Former finance minister David van Rooyen has revealed he was as shocked as the rest of South Africa when President Jacob Zuma told him he would replace Nhlanhla Nene.
"The truth is I was a bit taken aback," Van Rooyen told the Sunday Times in an interview this week.
"Being assigned such a position, to be a minister [of finance], is not child's play. It is quite a serious thing - more especially for a country like South Africa. If it was a small country it would be different."
Van Rooyen lasted only four days in his job after the public, the markets and influential politicians reacted with shock to his appointment. The rand took a major knock and billions were lost on the stock market.
Zuma was forced to reverse the appointment after meetings with business and senior ANC leaders.
Van Rooyen then swapped positions with former co-operative governance minister Pravin Gordhan.
In the interview with the Sunday Times, Van Rooyen said all he ever wanted was to be a medical doctor.
That childhood dream, however, was shattered by apartheid. "I wanted to be a medical doctor but I was black and I couldn't get a scholarship. I did not matriculate. When I was supposed to be getting a scholarship in Grade 11, I ... was told it was not possible," said the man whose family worked as farm labourers.
The former Umkhonto weSizwe soldier, who was recently described by Zuma as the "most qualified" appointee to the finance portfolio, dismissed claims that he was an unknown backbencher when the president appointed him.
"Are you sure no one knew who I am? That is a lie."
He downplayed the devastating consequences his four-day appointment had on the economy.
Van Rooyen suggested that his critics were historical enemies of the ANC who still did not accept that its members now run the state.
"As much as we dealt with our detractors and as much as we declared the victory of our country's freedom in 1994, we still have them all over the place because we did not chase them away. It would be very foolish of me to expect praises."
But how did he actually feel when, a few hours after he had gone to his home church in Ventersdorp for blessings, Zuma called him to say he would no longer be finance minister?
"As you know, all this happened at the behest of the president. The president called me and told me about the developments and asked if I am ready [for another deployment].
"In our situation as members of the ANC, we are groomed to be ready for any deployment. I am not an exception," Van Rooyen said.
You never see me tweeting or [chatting on] WhatsApp. My task is so serious that I can't allow myself to run a country of tweets and WhatsApps
He joked that even his job as co-operative governance minister was not secure. "Even after this interview I might be called for another deployment".
He said he paid no attention to what commentators said about him and had little regard for those who objected to his appointment.
"You never see me tweeting or [chatting on] WhatsApp. My task is so serious that I can't allow myself to run a country of tweets and WhatsApps. This is not a child's-play job."
Van Rooyen believes that his two master's degrees - one in public development and management and the other in finance science - made him amply qualified to be the political head of the National Treasury.
He also pointed out that he was experienced as he had been ANC whip of the standing committee on finance and the whip of the economic development cluster.
Soon after the controversy broke, it emerged that Van Rooyen had appointed advisers said to have links to the Gupta family. The advisers, Mohamed Bobat and Ian Whitley, now work with him at the co-operative governance ministry.
But Van Rooyen denied any link to the Guptas. "I don't know where the issue of the Gupta family and other people comes in. The fact of the matter is that I took myself as a typical product of someone who came out of the struggle led by the ANC.
"I do not have a personal relationship with them [the Guptas]."
He did, however, admit to having interacted with the family.
"Remember, I am a public figure. And as a public figure it means linking with all sectors of community, including the Guptas."

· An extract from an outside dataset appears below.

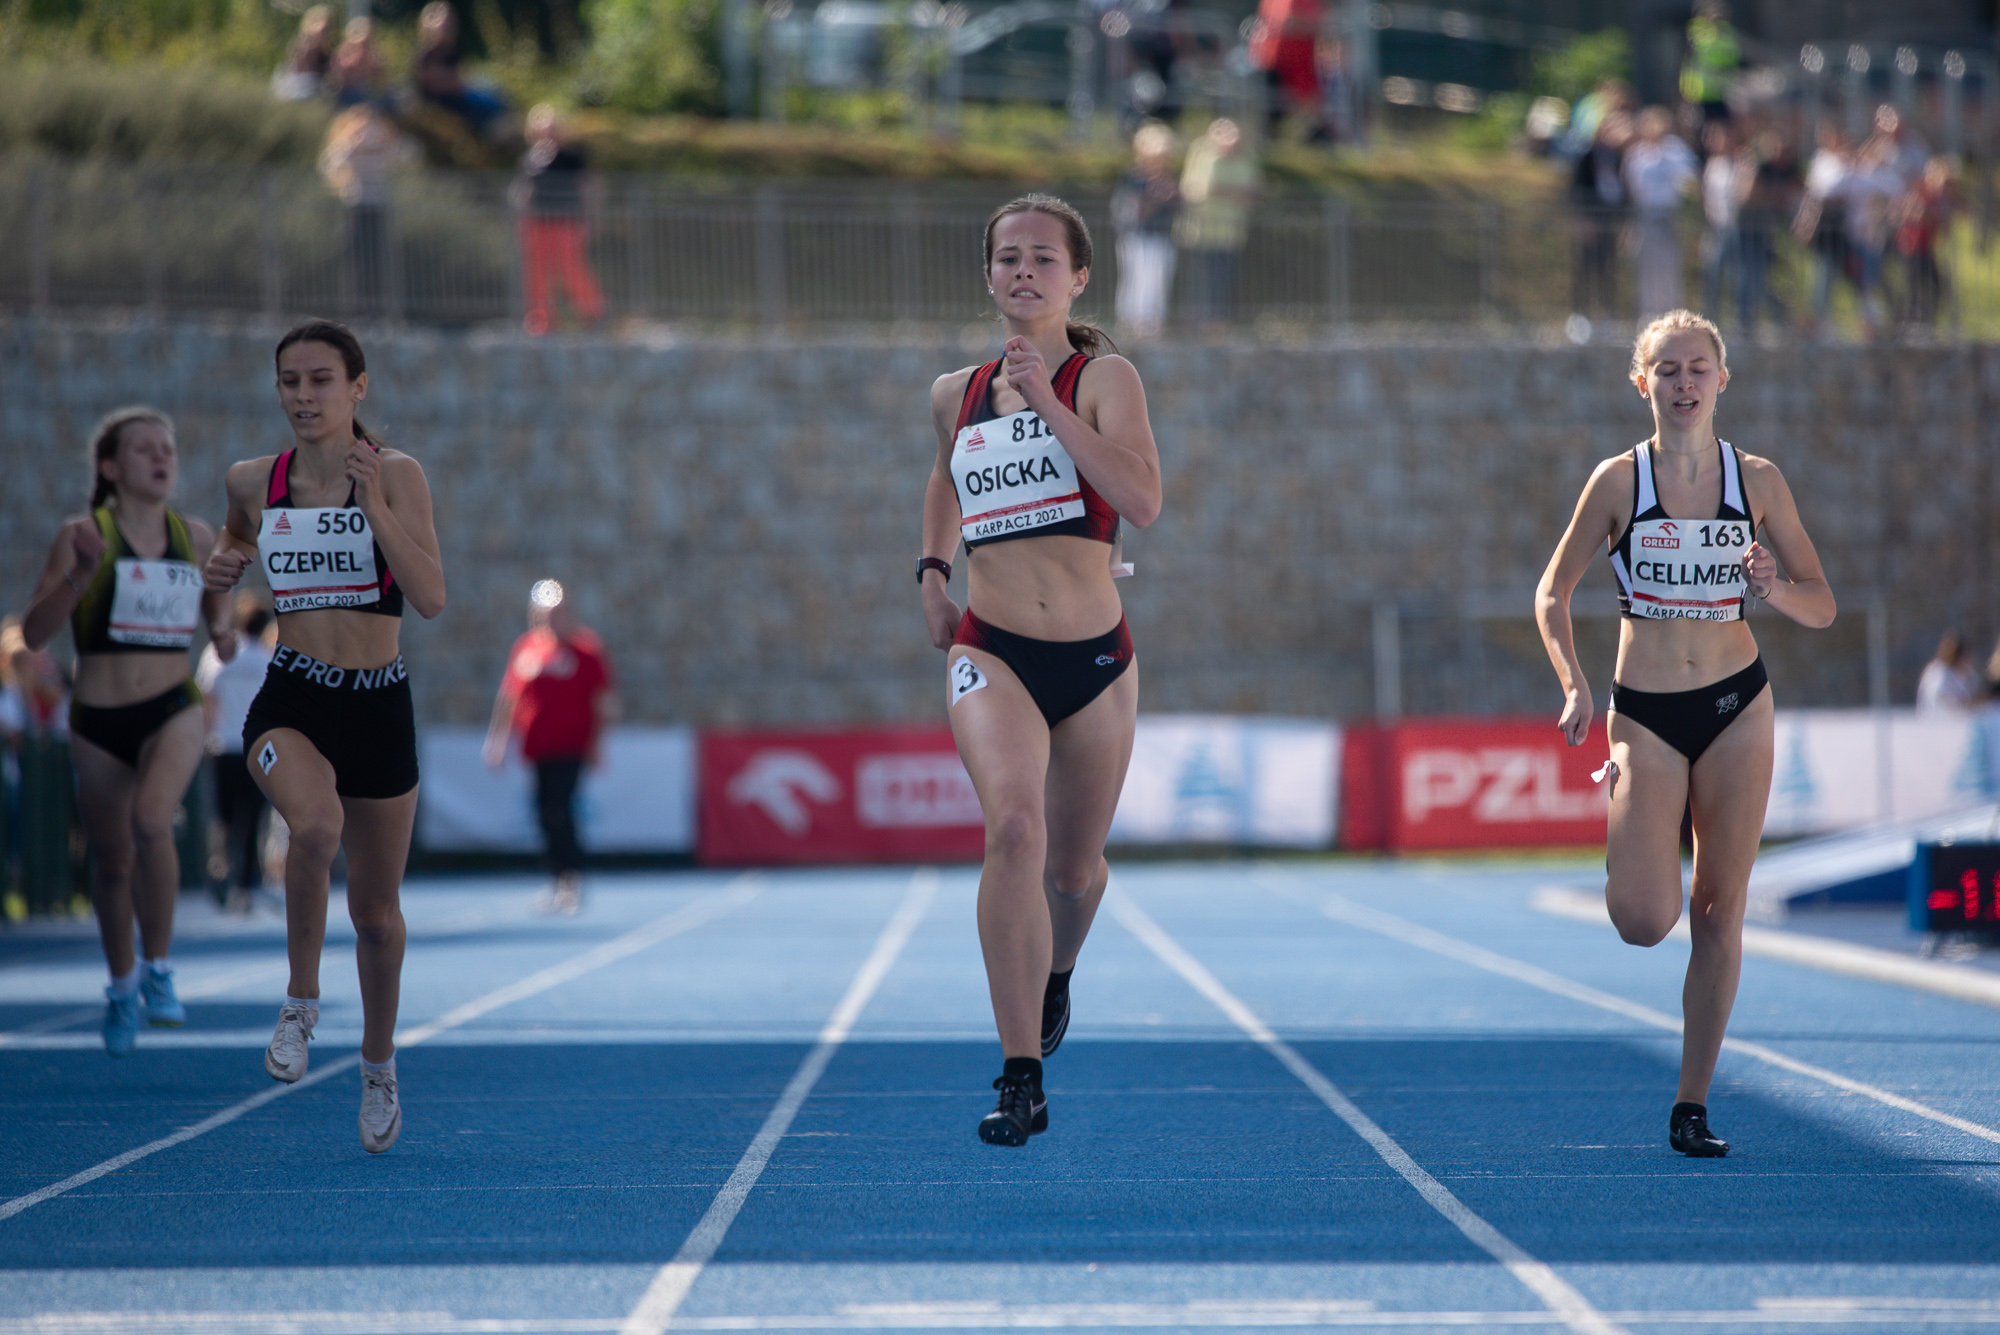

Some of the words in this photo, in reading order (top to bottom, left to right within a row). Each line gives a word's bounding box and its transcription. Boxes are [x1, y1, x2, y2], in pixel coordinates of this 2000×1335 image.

Address ruling delays polling day
The process of compiling a voters' roll with physical addresses even in informal settlements - as directed by the Constitutional Court - is behind the delay in announcing a date for local elections.
This was revealed by Minister of Co-operative Governance David van Rooyen in an interview with the Sunday Times this week.
He said the government was also working on a security plan in hot spots such as Marikana in North West and Malamulele in Limpopo, where voter registration was disrupted by protests last week.
"One thing making us not proclaim the date now is that we have to give effect to that [Constitutional Court] order," Van Rooyen said.
"It said that all people on the voters roll need to have addresses. In cases where they don't have addresses, the Independent Electoral Commission must complete something called 'sufficient particularities' of the voter. So that is a process. And it is not without implications."
The IEC had to postpone by-elections in several wards in Tlokwe last month after independent candidates complained that it had failed to comply with the Constitutional Court judgment.
The Electoral Court ruled against the IEC, but the commission is going back to the Constitutional Court to seek clarity on the initial judgment.
Van Rooyen revealed that the process to verify addresses would be costly.
"I went to one voting station in Mamelodi and the queue was long. And guess [why]? It is this process.
"It is time-consuming and it needs more IEC personnel, which means more money. Also, those papers don't fall from the sky, they must be printed. It is not easy to give a date now," he said.